Required work |
Your job is to print the listing exactly.

The data |

------------------------------------------------------------

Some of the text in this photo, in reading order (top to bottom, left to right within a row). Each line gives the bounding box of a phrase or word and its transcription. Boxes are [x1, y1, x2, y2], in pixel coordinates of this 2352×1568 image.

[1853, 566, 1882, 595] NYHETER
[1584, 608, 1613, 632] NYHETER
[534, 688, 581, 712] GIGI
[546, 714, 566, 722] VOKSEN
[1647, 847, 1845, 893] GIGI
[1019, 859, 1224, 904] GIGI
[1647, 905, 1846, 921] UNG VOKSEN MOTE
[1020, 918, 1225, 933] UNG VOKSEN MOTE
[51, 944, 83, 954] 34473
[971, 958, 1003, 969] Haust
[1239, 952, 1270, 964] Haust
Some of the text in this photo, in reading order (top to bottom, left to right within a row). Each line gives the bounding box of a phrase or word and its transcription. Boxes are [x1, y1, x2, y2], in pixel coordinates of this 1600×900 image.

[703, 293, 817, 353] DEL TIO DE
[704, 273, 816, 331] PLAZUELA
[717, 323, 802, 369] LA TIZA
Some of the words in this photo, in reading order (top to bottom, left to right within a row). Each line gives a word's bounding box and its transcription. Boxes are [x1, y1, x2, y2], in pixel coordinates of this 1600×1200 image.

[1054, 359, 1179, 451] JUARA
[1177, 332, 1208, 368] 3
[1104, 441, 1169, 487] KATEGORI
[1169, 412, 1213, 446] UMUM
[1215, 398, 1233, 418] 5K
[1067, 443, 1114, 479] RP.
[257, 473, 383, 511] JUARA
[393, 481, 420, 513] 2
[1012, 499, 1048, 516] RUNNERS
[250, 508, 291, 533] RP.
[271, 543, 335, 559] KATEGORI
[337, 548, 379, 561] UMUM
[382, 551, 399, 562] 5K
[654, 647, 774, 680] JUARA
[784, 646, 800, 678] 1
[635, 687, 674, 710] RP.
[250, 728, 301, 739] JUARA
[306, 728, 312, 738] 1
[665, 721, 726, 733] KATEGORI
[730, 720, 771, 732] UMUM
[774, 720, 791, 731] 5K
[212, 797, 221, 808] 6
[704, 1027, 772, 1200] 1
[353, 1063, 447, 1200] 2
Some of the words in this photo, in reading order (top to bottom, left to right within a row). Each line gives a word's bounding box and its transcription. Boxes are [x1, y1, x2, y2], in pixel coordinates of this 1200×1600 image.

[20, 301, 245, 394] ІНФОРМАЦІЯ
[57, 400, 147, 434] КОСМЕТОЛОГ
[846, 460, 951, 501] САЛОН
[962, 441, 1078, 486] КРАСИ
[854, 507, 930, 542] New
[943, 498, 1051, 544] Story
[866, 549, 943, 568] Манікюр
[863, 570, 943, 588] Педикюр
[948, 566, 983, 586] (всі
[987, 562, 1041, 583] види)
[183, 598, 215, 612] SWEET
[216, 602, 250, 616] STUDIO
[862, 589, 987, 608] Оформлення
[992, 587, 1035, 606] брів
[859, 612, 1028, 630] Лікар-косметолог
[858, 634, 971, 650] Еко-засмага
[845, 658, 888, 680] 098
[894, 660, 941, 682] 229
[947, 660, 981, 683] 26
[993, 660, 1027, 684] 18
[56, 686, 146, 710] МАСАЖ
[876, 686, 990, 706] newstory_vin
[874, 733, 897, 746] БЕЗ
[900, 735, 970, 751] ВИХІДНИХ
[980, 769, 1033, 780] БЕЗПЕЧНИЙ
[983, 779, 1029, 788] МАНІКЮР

------------------------------------------------------------

Result for this task |
Some of the text in this photo, in reading order (top to bottom, left to right within a row). Each line gives the bounding box of a phrase or word and its transcription. Boxes are [x1, y1, x2, y2], in pixel coordinates of this 2352×1568 image.

[1853, 566, 1882, 595] NYHETER
[1584, 608, 1613, 632] NYHETER
[534, 688, 581, 712] GIGI
[546, 714, 566, 722] VOKSEN
[1647, 847, 1845, 893] GIGI
[1019, 859, 1224, 904] GIGI
[1647, 905, 1846, 921] UNG VOKSEN MOTE
[1020, 918, 1225, 933] UNG VOKSEN MOTE
[51, 944, 83, 954] 34473
[971, 958, 1003, 969] Haust
[1239, 952, 1270, 964] Haust
Some of the text in this photo, in reading order (top to bottom, left to right within a row). Each line gives the bounding box of a phrase or word and its transcription. Boxes are [x1, y1, x2, y2], in pixel coordinates of this 1600×900 image.

[703, 293, 817, 353] DEL TIO DE
[704, 273, 816, 331] PLAZUELA
[717, 323, 802, 369] LA TIZA
Some of the words in this photo, in reading order (top to bottom, left to right within a row). Each line gives a word's bounding box and its transcription. Boxes are [x1, y1, x2, y2], in pixel coordinates of this 1600×1200 image.

[1054, 359, 1179, 451] JUARA
[1177, 332, 1208, 368] 3
[1104, 441, 1169, 487] KATEGORI
[1169, 412, 1213, 446] UMUM
[1215, 398, 1233, 418] 5K
[1067, 443, 1114, 479] RP.
[257, 473, 383, 511] JUARA
[393, 481, 420, 513] 2
[1012, 499, 1048, 516] RUNNERS
[250, 508, 291, 533] RP.
[271, 543, 335, 559] KATEGORI
[337, 548, 379, 561] UMUM
[382, 551, 399, 562] 5K
[654, 647, 774, 680] JUARA
[784, 646, 800, 678] 1
[635, 687, 674, 710] RP.
[250, 728, 301, 739] JUARA
[306, 728, 312, 738] 1
[665, 721, 726, 733] KATEGORI
[730, 720, 771, 732] UMUM
[774, 720, 791, 731] 5K
[212, 797, 221, 808] 6
[704, 1027, 772, 1200] 1
[353, 1063, 447, 1200] 2
Some of the words in this photo, in reading order (top to bottom, left to right within a row). Each line gives a word's bounding box and its transcription. Boxes are [x1, y1, x2, y2], in pixel coordinates of this 1200×1600 image.

[20, 301, 245, 394] ІНФОРМАЦІЯ
[57, 400, 147, 434] КОСМЕТОЛОГ
[846, 460, 951, 501] САЛОН
[962, 441, 1078, 486] КРАСИ
[854, 507, 930, 542] New
[943, 498, 1051, 544] Story
[866, 549, 943, 568] Манікюр
[863, 570, 943, 588] Педикюр
[948, 566, 983, 586] (всі
[987, 562, 1041, 583] види)
[183, 598, 215, 612] SWEET
[216, 602, 250, 616] STUDIO
[862, 589, 987, 608] Оформлення
[992, 587, 1035, 606] брів
[859, 612, 1028, 630] Лікар-косметолог
[858, 634, 971, 650] Еко-засмага
[845, 658, 888, 680] 098
[894, 660, 941, 682] 229
[947, 660, 981, 683] 26
[993, 660, 1027, 684] 18
[56, 686, 146, 710] МАСАЖ
[876, 686, 990, 706] newstory_vin
[874, 733, 897, 746] БЕЗ
[900, 735, 970, 751] ВИХІДНИХ
[980, 769, 1033, 780] БЕЗПЕЧНИЙ
[983, 779, 1029, 788] МАНІКЮР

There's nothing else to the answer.